You can double-click any item to display the issues identified so far, and view the base request and response for the item.
You can use the context menu to perform various actions to control the audit process. The exact options that are available depend upon the status of the selected item(s), and include:
- Show details - This opens a window showing the issues identified so far, and the base request and response for the item.
- Cancel - This cancels the selected item(s) so they will not be audited. If auditing is already in progress, there will typically be a short delay while the pending requests are completed, and the item is fully canceled.
- Audit again - This duplicates the selected item(s) and adds these to the end of the list.
- Add comment - You can use this function to add a comment to the selected item(s). See Annotations for more details.
- Highlight - You can use this function to apply a highlight to the selected item(s).
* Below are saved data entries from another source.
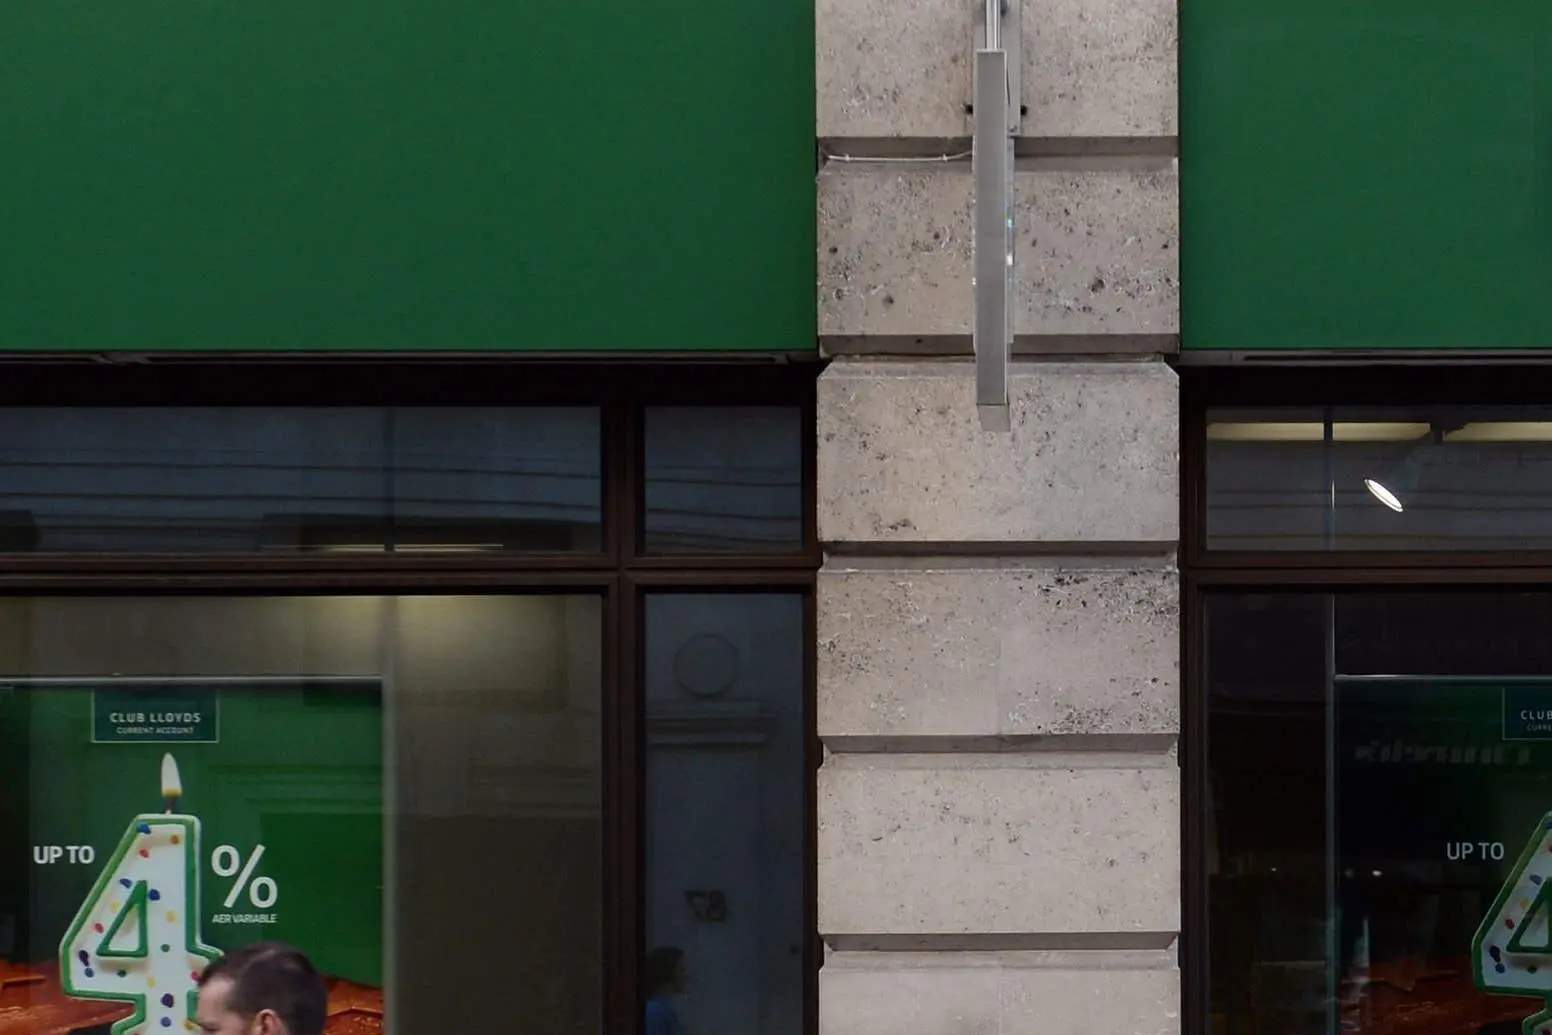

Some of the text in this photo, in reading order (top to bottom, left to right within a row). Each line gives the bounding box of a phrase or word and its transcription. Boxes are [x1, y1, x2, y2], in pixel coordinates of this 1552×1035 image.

[109, 712, 201, 723] CLUB LLOYDS
[1447, 842, 1474, 860] UP
[1477, 842, 1505, 860] TO
[34, 845, 63, 864] UP
[65, 845, 95, 864] TO
[211, 844, 278, 909] %
[211, 913, 278, 924] AER VARIABLE
See Annotations for more details.
- Send to ... - These options are used to send the base request for the selected item to other Burp tools.
Audit phase indicators
- Passive phase 1: This involves identifying, but not reporting, passive issues.
- Passive phase 2: This involves consolidating frequently occurring passive issues and reporting the resulting issues.
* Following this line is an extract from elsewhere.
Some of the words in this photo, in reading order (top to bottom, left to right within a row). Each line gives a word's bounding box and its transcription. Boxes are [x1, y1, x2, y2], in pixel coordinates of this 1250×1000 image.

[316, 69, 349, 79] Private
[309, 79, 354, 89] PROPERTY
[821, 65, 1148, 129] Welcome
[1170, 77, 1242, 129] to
- Active phase 1: This involves testing each insertion point for first-order vulnerabilities.
- Active phase 2: This involves sending data to each insertion point designed to detect stored input behaviors.
- Active phase 3: This involves re-fetching application responses to detect stored input behaviors.
- Active phase 4: This involves testing discovered stored input paths for second-order vulnerabilities.
- Active phase 5: This involves sending to each insertion point a payload designed to detect blind stored XSS vulnerabilities via Burp Collaborator interactions, if the payload is ever rendered to an application user.
Audit items annotations
You can annotate audit items by adding comments and highlights. This can be useful to flag up interesting items for further investigation or to help manage your manual workflow.
You can add highlights in two ways:
- You can highlight individual items using the drop-down menu on the left-most table column.
- You can highlight one or more selected items using the Highlight item on the context menu.
You can add comments in two ways:
- You can double-click the relevant entry, within the Comment column, to add or edit a comment in-place.
- You can comment one or more selected items using the Add comment item on the context menu.